If the subject of your image is radically brighter or darker than its background, you’ll want to sit up and pay attention to this section. While blend modes are pretty powerful in their own right (and several of ’em can instantly pulverize a white or black background), another set of blending options in the Layer Style dialog box (Layer Styles) can eat backgrounds for lunch—nondestructively!
Photoshop gives you a few different ways to open the Layer Style dialog box (Figure 8-18). Once you’ve activated the Image layer you want to work with, open the dialog box using one of the following methods:
Double-click the layer’s thumbnail in the Layers panel.
Click the fx button at the bottom of the Layers panel and then choose Blending Options.
Choose Layer→Layer Style→Blending Options.
The Blending sliders won’t work on a locked Background layer; you have to double-click the layer first to unlock it.
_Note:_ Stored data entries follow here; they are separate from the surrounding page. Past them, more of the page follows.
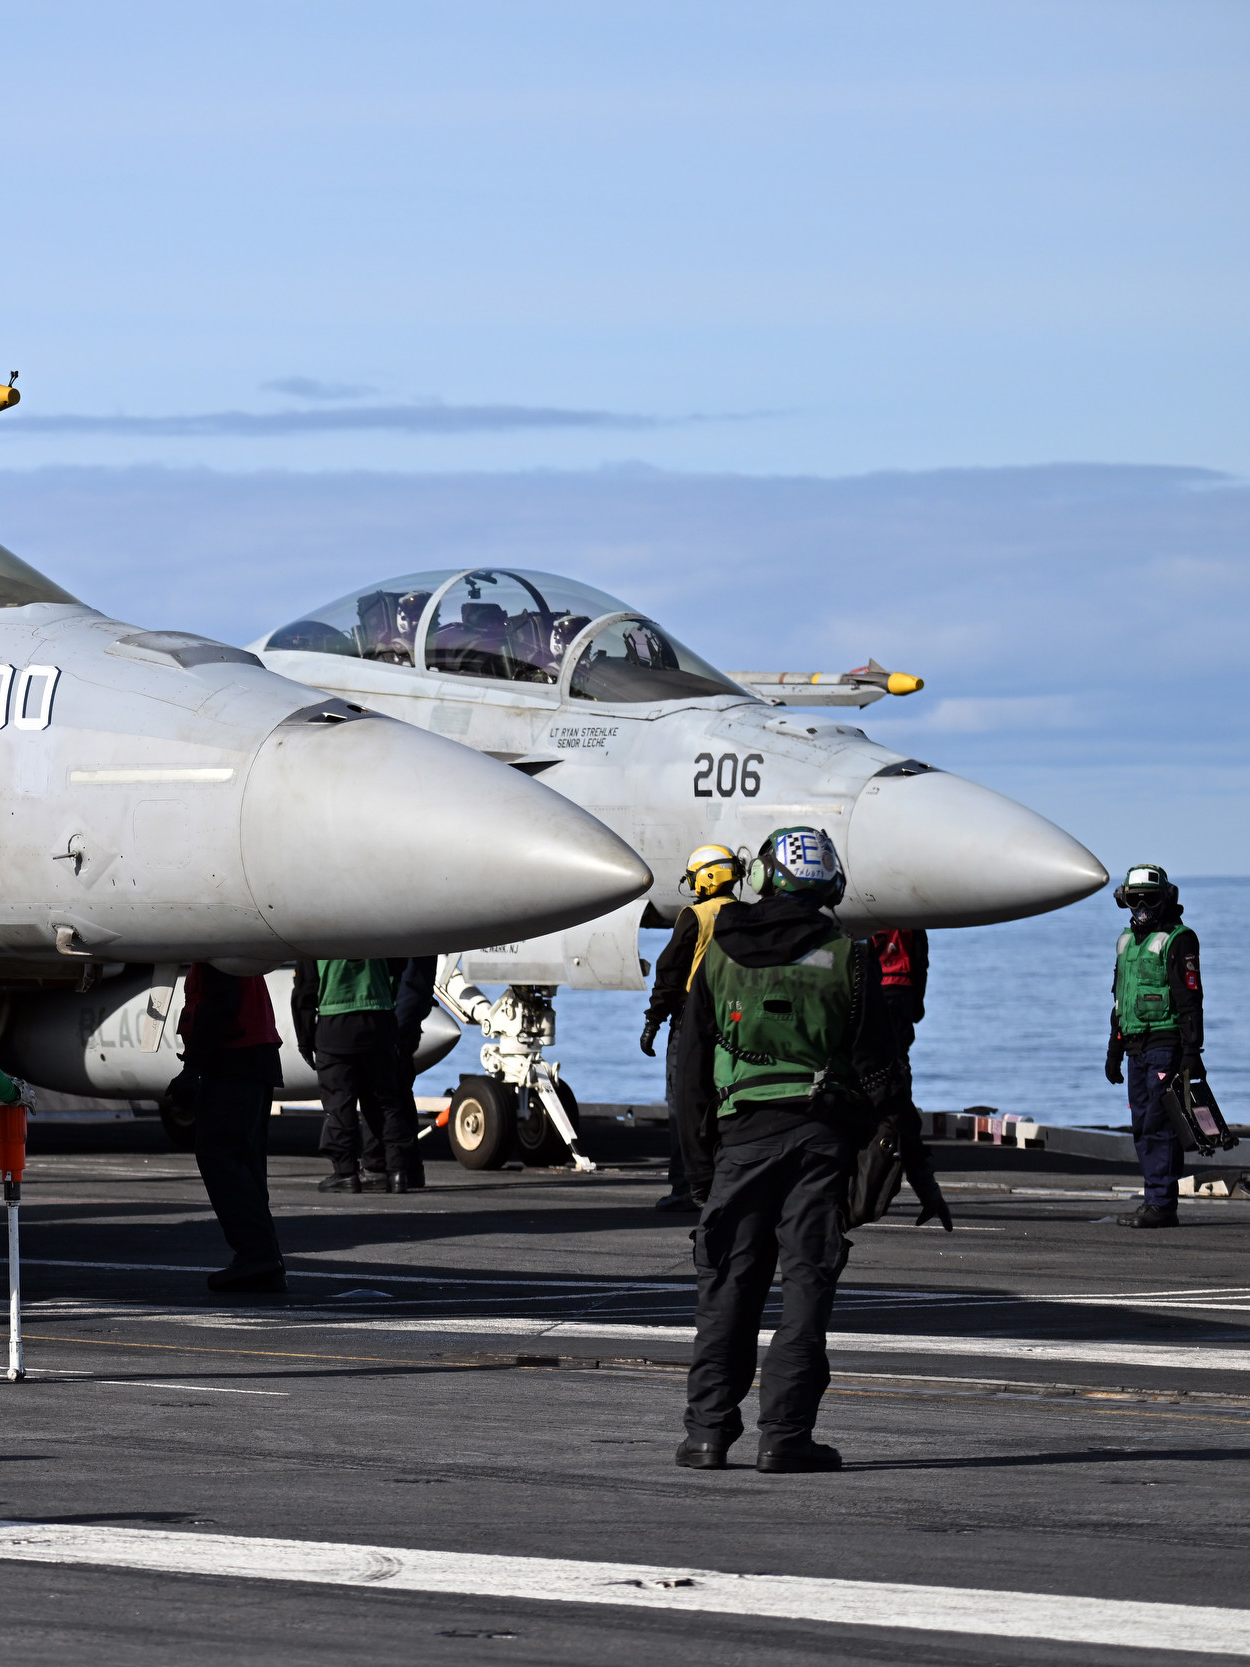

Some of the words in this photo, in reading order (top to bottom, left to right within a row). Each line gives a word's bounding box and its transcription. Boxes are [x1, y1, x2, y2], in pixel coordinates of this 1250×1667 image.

[550, 728, 560, 738] LT
[561, 727, 579, 737] RYAN
[581, 727, 619, 737] STREHLKE
[557, 738, 580, 748] SENOR
[582, 738, 606, 748] LECHE
[693, 752, 764, 798] 206
[800, 834, 822, 865] E
[510, 944, 519, 954] NJ
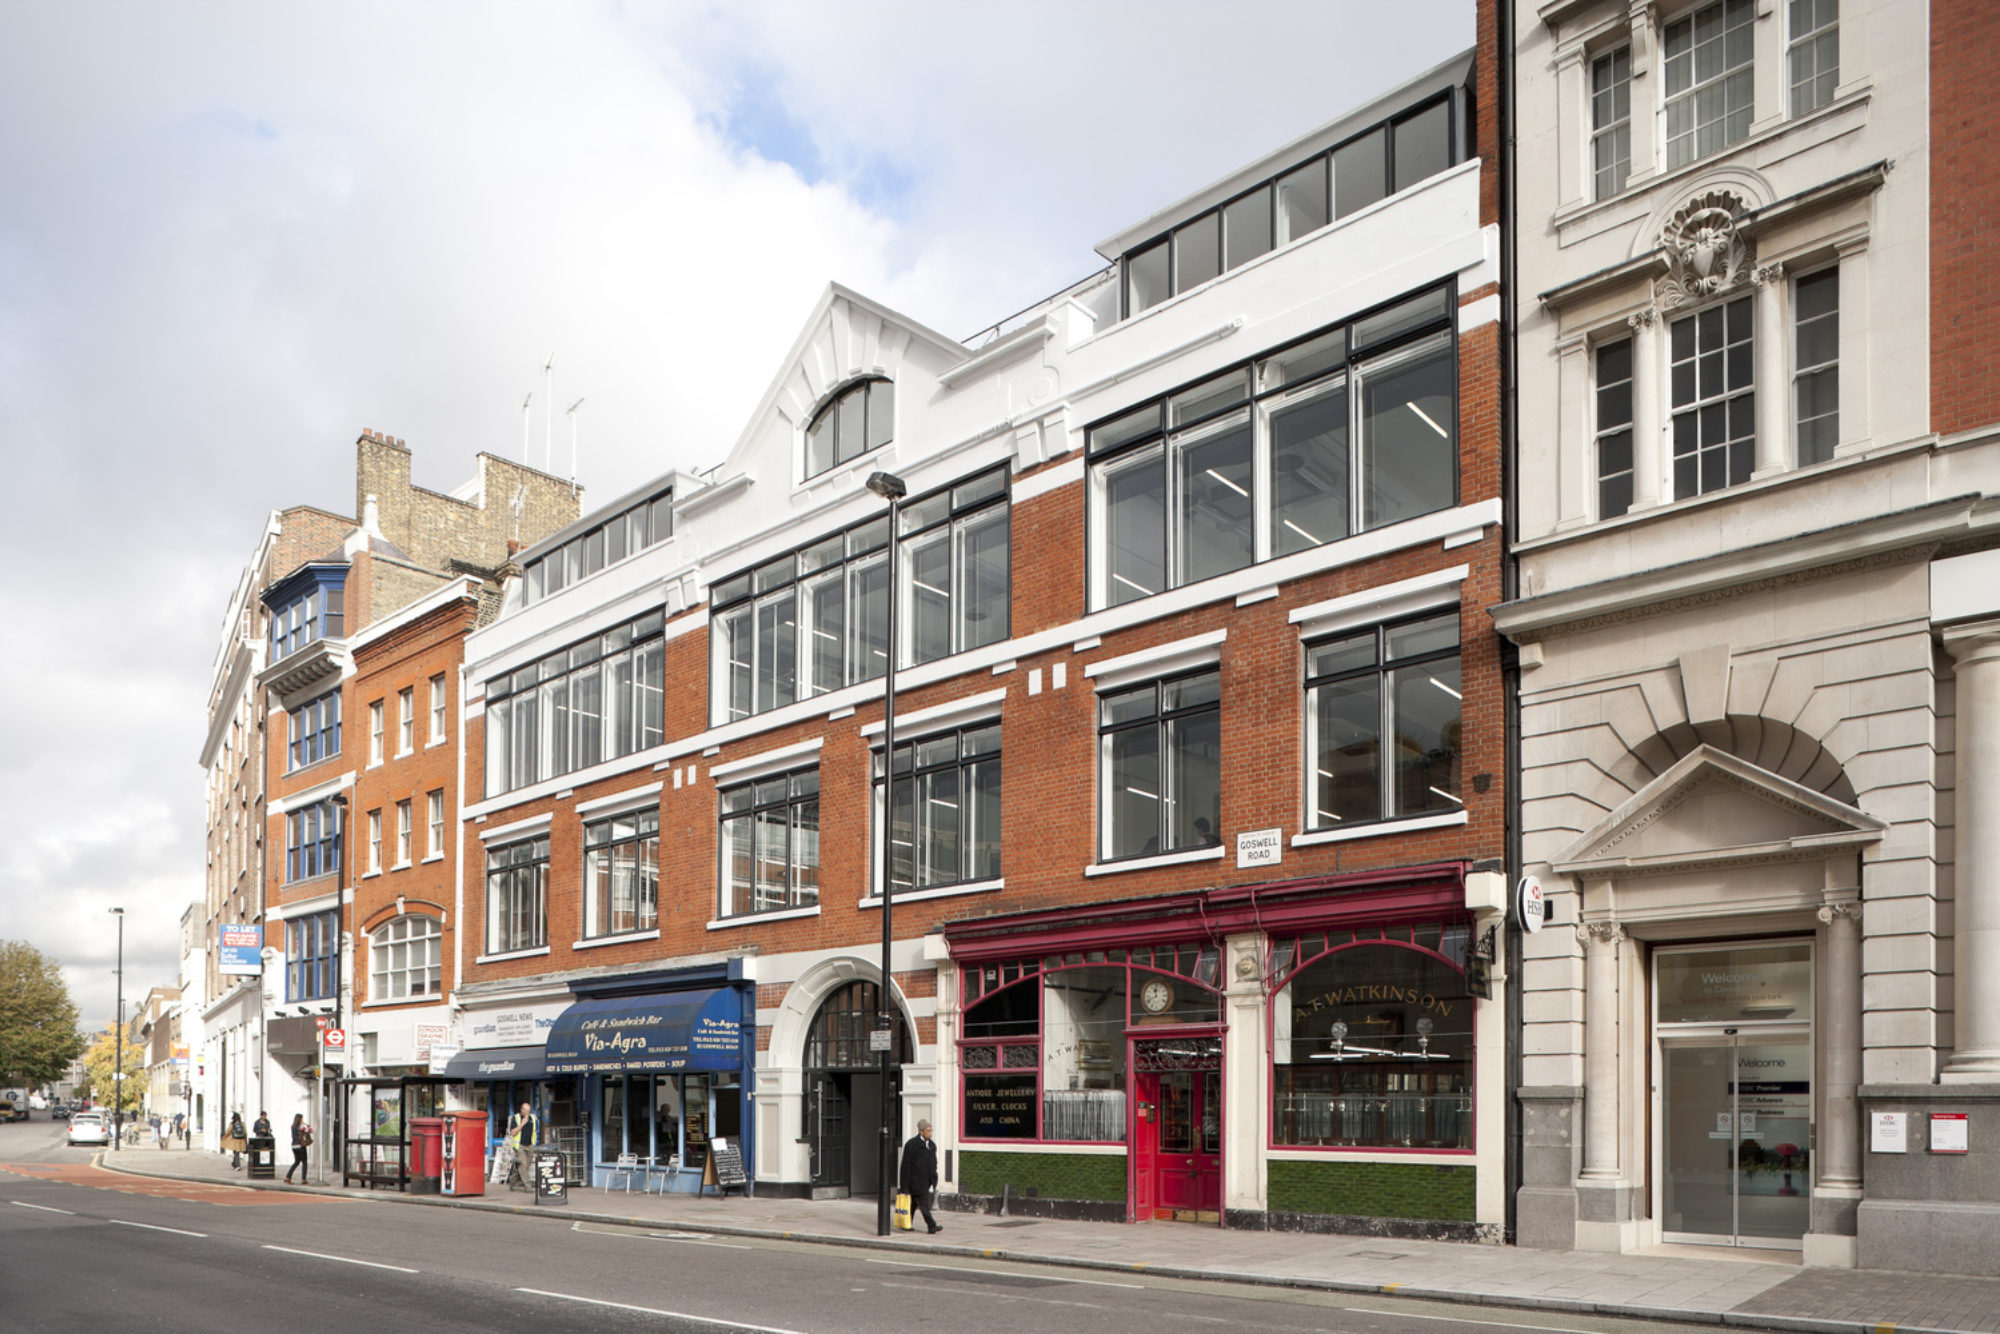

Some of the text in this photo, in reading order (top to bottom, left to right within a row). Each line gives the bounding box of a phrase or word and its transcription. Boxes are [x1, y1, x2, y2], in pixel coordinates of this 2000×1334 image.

[1240, 837, 1278, 850] GOSWELL
[1247, 850, 1270, 860] ROAD
[519, 1012, 532, 1020] NEWS
[609, 1016, 646, 1027] Sandwich
[646, 1014, 662, 1024] Bar
[703, 1018, 739, 1029] Via-Agra
[585, 1031, 646, 1054] Via-Agra
[593, 1062, 622, 1070] SANDWICHES
[671, 1060, 686, 1068] SOUP
[1739, 1058, 1786, 1068] Welcome
[966, 1088, 1034, 1098] ANTIQUE JEWELLERY
[1001, 1102, 1027, 1110] CLOCKS
[979, 1116, 1020, 1124] AND CHINA
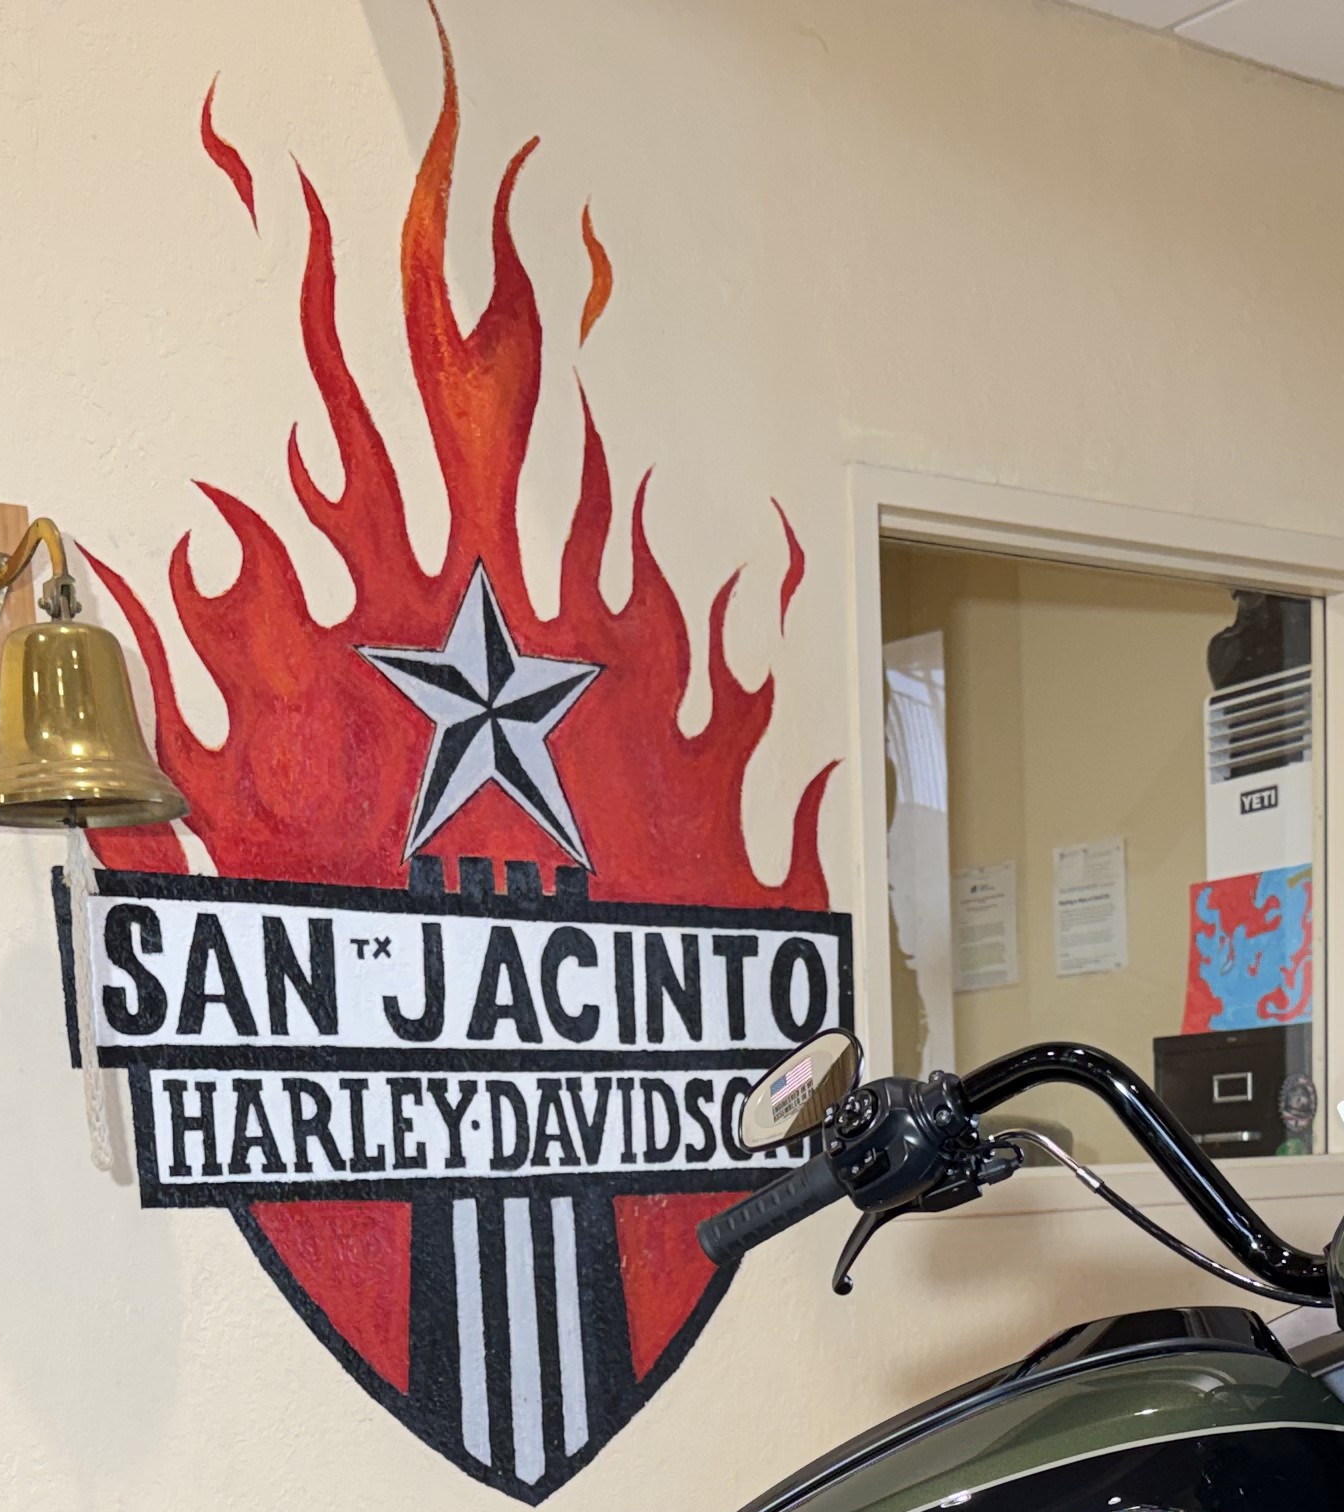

At the bottom of the Layer Style dialog box lie two pairs of sliders (they look like triangles): one set for the This Layer bar and another for the Underlying Layer bar, shown in Figure 8-18. Each slider lets you make parts of your image transparent based on the brightness value of the pixels. The left-hand sliders represent the shadows (blacks) in the image, and the right-hand ones represent the highlights (whites). To affect the currently active layer, tweak the This Layer slider (you’ll learn about the Underlying Layer slider in a moment).